> The data:
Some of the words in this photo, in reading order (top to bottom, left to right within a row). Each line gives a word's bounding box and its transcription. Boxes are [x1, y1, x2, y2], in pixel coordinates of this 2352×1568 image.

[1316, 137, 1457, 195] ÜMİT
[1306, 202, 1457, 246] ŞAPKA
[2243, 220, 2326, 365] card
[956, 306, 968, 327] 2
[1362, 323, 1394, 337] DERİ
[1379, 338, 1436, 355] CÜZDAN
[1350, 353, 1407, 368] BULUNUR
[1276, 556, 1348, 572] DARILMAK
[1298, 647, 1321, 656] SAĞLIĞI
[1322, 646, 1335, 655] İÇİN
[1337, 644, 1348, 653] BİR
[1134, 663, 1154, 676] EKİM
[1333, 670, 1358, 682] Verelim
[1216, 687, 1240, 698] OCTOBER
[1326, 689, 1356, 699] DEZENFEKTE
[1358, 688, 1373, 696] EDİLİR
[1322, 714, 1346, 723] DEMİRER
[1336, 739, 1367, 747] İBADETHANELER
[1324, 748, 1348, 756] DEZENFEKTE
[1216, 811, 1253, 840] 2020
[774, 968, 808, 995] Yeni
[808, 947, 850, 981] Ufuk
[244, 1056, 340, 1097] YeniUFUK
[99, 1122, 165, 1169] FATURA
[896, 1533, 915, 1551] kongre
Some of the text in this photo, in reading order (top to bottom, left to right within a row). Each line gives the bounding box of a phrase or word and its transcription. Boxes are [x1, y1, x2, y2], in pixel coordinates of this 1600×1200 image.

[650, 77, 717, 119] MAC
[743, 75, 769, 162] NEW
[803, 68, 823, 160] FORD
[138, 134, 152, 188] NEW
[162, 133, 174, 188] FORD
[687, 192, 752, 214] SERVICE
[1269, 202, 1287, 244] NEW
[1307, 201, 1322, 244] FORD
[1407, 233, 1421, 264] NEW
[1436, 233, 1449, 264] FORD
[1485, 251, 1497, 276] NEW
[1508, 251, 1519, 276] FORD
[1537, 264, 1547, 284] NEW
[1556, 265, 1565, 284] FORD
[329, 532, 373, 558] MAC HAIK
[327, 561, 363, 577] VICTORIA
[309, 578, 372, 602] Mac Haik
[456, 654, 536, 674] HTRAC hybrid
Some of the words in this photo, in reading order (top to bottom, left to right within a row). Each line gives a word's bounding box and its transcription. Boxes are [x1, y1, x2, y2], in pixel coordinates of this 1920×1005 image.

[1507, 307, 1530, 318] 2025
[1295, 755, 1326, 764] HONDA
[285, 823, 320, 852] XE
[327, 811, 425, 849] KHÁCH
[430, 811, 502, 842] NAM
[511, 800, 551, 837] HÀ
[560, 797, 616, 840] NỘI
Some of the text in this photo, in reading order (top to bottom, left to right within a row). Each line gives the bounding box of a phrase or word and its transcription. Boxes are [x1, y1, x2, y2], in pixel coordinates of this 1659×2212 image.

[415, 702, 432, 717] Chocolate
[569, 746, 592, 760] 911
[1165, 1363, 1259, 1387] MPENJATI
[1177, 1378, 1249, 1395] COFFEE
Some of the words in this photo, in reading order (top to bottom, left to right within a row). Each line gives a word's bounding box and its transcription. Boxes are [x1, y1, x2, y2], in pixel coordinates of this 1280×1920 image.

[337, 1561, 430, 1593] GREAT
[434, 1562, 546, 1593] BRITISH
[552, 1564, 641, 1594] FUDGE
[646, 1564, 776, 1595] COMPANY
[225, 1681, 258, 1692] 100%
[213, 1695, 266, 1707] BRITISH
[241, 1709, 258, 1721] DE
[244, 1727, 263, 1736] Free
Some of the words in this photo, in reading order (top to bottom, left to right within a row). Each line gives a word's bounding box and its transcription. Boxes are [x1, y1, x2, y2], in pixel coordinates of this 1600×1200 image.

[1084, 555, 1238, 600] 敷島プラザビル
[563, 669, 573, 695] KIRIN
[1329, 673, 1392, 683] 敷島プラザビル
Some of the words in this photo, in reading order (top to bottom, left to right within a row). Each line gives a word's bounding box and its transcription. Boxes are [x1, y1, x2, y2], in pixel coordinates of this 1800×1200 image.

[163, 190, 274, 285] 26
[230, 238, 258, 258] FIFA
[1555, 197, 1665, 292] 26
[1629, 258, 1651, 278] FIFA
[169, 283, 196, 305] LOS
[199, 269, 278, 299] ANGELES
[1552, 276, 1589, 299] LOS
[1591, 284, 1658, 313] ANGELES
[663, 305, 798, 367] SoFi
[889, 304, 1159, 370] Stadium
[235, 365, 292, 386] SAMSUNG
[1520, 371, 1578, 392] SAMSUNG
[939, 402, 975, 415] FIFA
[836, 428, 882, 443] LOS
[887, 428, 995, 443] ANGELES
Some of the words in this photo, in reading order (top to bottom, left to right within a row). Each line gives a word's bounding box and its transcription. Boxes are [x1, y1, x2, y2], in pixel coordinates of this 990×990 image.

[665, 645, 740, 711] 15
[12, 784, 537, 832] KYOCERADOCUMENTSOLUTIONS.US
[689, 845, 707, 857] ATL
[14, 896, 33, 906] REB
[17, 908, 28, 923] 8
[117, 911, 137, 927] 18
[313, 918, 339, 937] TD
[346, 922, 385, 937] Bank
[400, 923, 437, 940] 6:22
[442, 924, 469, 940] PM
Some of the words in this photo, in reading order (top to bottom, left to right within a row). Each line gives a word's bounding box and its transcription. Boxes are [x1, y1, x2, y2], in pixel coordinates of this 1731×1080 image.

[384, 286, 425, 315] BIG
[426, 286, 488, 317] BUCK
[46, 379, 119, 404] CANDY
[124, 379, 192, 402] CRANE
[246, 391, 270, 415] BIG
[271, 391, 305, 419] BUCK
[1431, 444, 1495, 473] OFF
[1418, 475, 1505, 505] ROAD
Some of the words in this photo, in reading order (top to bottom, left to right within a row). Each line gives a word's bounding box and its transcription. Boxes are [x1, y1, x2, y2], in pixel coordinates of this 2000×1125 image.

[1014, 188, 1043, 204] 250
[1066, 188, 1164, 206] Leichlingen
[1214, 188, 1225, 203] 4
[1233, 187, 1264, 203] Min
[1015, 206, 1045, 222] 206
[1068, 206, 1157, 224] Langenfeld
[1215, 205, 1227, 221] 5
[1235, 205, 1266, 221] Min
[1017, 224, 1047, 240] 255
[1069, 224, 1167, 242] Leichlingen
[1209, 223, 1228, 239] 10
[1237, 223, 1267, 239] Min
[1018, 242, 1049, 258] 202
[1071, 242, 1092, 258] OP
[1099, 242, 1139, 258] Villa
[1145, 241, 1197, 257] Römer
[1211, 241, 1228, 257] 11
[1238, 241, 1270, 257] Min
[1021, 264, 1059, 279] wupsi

> Problem to solve: Give back the entire listing above, matching every line exactly.

> Result of this exercise:
Some of the words in this photo, in reading order (top to bottom, left to right within a row). Each line gives a word's bounding box and its transcription. Boxes are [x1, y1, x2, y2], in pixel coordinates of this 2352×1568 image.

[1316, 137, 1457, 195] ÜMİT
[1306, 202, 1457, 246] ŞAPKA
[2243, 220, 2326, 365] card
[956, 306, 968, 327] 2
[1362, 323, 1394, 337] DERİ
[1379, 338, 1436, 355] CÜZDAN
[1350, 353, 1407, 368] BULUNUR
[1276, 556, 1348, 572] DARILMAK
[1298, 647, 1321, 656] SAĞLIĞI
[1322, 646, 1335, 655] İÇİN
[1337, 644, 1348, 653] BİR
[1134, 663, 1154, 676] EKİM
[1333, 670, 1358, 682] Verelim
[1216, 687, 1240, 698] OCTOBER
[1326, 689, 1356, 699] DEZENFEKTE
[1358, 688, 1373, 696] EDİLİR
[1322, 714, 1346, 723] DEMİRER
[1336, 739, 1367, 747] İBADETHANELER
[1324, 748, 1348, 756] DEZENFEKTE
[1216, 811, 1253, 840] 2020
[774, 968, 808, 995] Yeni
[808, 947, 850, 981] Ufuk
[244, 1056, 340, 1097] YeniUFUK
[99, 1122, 165, 1169] FATURA
[896, 1533, 915, 1551] kongre
Some of the text in this photo, in reading order (top to bottom, left to right within a row). Each line gives the bounding box of a phrase or word and its transcription. Boxes are [x1, y1, x2, y2], in pixel coordinates of this 1600×1200 image.

[650, 77, 717, 119] MAC
[743, 75, 769, 162] NEW
[803, 68, 823, 160] FORD
[138, 134, 152, 188] NEW
[162, 133, 174, 188] FORD
[687, 192, 752, 214] SERVICE
[1269, 202, 1287, 244] NEW
[1307, 201, 1322, 244] FORD
[1407, 233, 1421, 264] NEW
[1436, 233, 1449, 264] FORD
[1485, 251, 1497, 276] NEW
[1508, 251, 1519, 276] FORD
[1537, 264, 1547, 284] NEW
[1556, 265, 1565, 284] FORD
[329, 532, 373, 558] MAC HAIK
[327, 561, 363, 577] VICTORIA
[309, 578, 372, 602] Mac Haik
[456, 654, 536, 674] HTRAC hybrid
Some of the words in this photo, in reading order (top to bottom, left to right within a row). Each line gives a word's bounding box and its transcription. Boxes are [x1, y1, x2, y2], in pixel coordinates of this 1920×1005 image.

[1507, 307, 1530, 318] 2025
[1295, 755, 1326, 764] HONDA
[285, 823, 320, 852] XE
[327, 811, 425, 849] KHÁCH
[430, 811, 502, 842] NAM
[511, 800, 551, 837] HÀ
[560, 797, 616, 840] NỘI
Some of the text in this photo, in reading order (top to bottom, left to right within a row). Each line gives the bounding box of a phrase or word and its transcription. Boxes are [x1, y1, x2, y2], in pixel coordinates of this 1659×2212 image.

[415, 702, 432, 717] Chocolate
[569, 746, 592, 760] 911
[1165, 1363, 1259, 1387] MPENJATI
[1177, 1378, 1249, 1395] COFFEE
Some of the words in this photo, in reading order (top to bottom, left to right within a row). Each line gives a word's bounding box and its transcription. Boxes are [x1, y1, x2, y2], in pixel coordinates of this 1280×1920 image.

[337, 1561, 430, 1593] GREAT
[434, 1562, 546, 1593] BRITISH
[552, 1564, 641, 1594] FUDGE
[646, 1564, 776, 1595] COMPANY
[225, 1681, 258, 1692] 100%
[213, 1695, 266, 1707] BRITISH
[241, 1709, 258, 1721] DE
[244, 1727, 263, 1736] Free
Some of the words in this photo, in reading order (top to bottom, left to right within a row). Each line gives a word's bounding box and its transcription. Boxes are [x1, y1, x2, y2], in pixel coordinates of this 1600×1200 image.

[1084, 555, 1238, 600] 敷島プラザビル
[563, 669, 573, 695] KIRIN
[1329, 673, 1392, 683] 敷島プラザビル
Some of the words in this photo, in reading order (top to bottom, left to right within a row). Each line gives a word's bounding box and its transcription. Boxes are [x1, y1, x2, y2], in pixel coordinates of this 1800×1200 image.

[163, 190, 274, 285] 26
[230, 238, 258, 258] FIFA
[1555, 197, 1665, 292] 26
[1629, 258, 1651, 278] FIFA
[169, 283, 196, 305] LOS
[199, 269, 278, 299] ANGELES
[1552, 276, 1589, 299] LOS
[1591, 284, 1658, 313] ANGELES
[663, 305, 798, 367] SoFi
[889, 304, 1159, 370] Stadium
[235, 365, 292, 386] SAMSUNG
[1520, 371, 1578, 392] SAMSUNG
[939, 402, 975, 415] FIFA
[836, 428, 882, 443] LOS
[887, 428, 995, 443] ANGELES
Some of the words in this photo, in reading order (top to bottom, left to right within a row). Each line gives a word's bounding box and its transcription. Boxes are [x1, y1, x2, y2], in pixel coordinates of this 990×990 image.

[665, 645, 740, 711] 15
[12, 784, 537, 832] KYOCERADOCUMENTSOLUTIONS.US
[689, 845, 707, 857] ATL
[14, 896, 33, 906] REB
[17, 908, 28, 923] 8
[117, 911, 137, 927] 18
[313, 918, 339, 937] TD
[346, 922, 385, 937] Bank
[400, 923, 437, 940] 6:22
[442, 924, 469, 940] PM
Some of the words in this photo, in reading order (top to bottom, left to right within a row). Each line gives a word's bounding box and its transcription. Boxes are [x1, y1, x2, y2], in pixel coordinates of this 1731×1080 image.

[384, 286, 425, 315] BIG
[426, 286, 488, 317] BUCK
[46, 379, 119, 404] CANDY
[124, 379, 192, 402] CRANE
[246, 391, 270, 415] BIG
[271, 391, 305, 419] BUCK
[1431, 444, 1495, 473] OFF
[1418, 475, 1505, 505] ROAD
Some of the words in this photo, in reading order (top to bottom, left to right within a row). Each line gives a word's bounding box and its transcription. Boxes are [x1, y1, x2, y2], in pixel coordinates of this 2000×1125 image.

[1014, 188, 1043, 204] 250
[1066, 188, 1164, 206] Leichlingen
[1214, 188, 1225, 203] 4
[1233, 187, 1264, 203] Min
[1015, 206, 1045, 222] 206
[1068, 206, 1157, 224] Langenfeld
[1215, 205, 1227, 221] 5
[1235, 205, 1266, 221] Min
[1017, 224, 1047, 240] 255
[1069, 224, 1167, 242] Leichlingen
[1209, 223, 1228, 239] 10
[1237, 223, 1267, 239] Min
[1018, 242, 1049, 258] 202
[1071, 242, 1092, 258] OP
[1099, 242, 1139, 258] Villa
[1145, 241, 1197, 257] Römer
[1211, 241, 1228, 257] 11
[1238, 241, 1270, 257] Min
[1021, 264, 1059, 279] wupsi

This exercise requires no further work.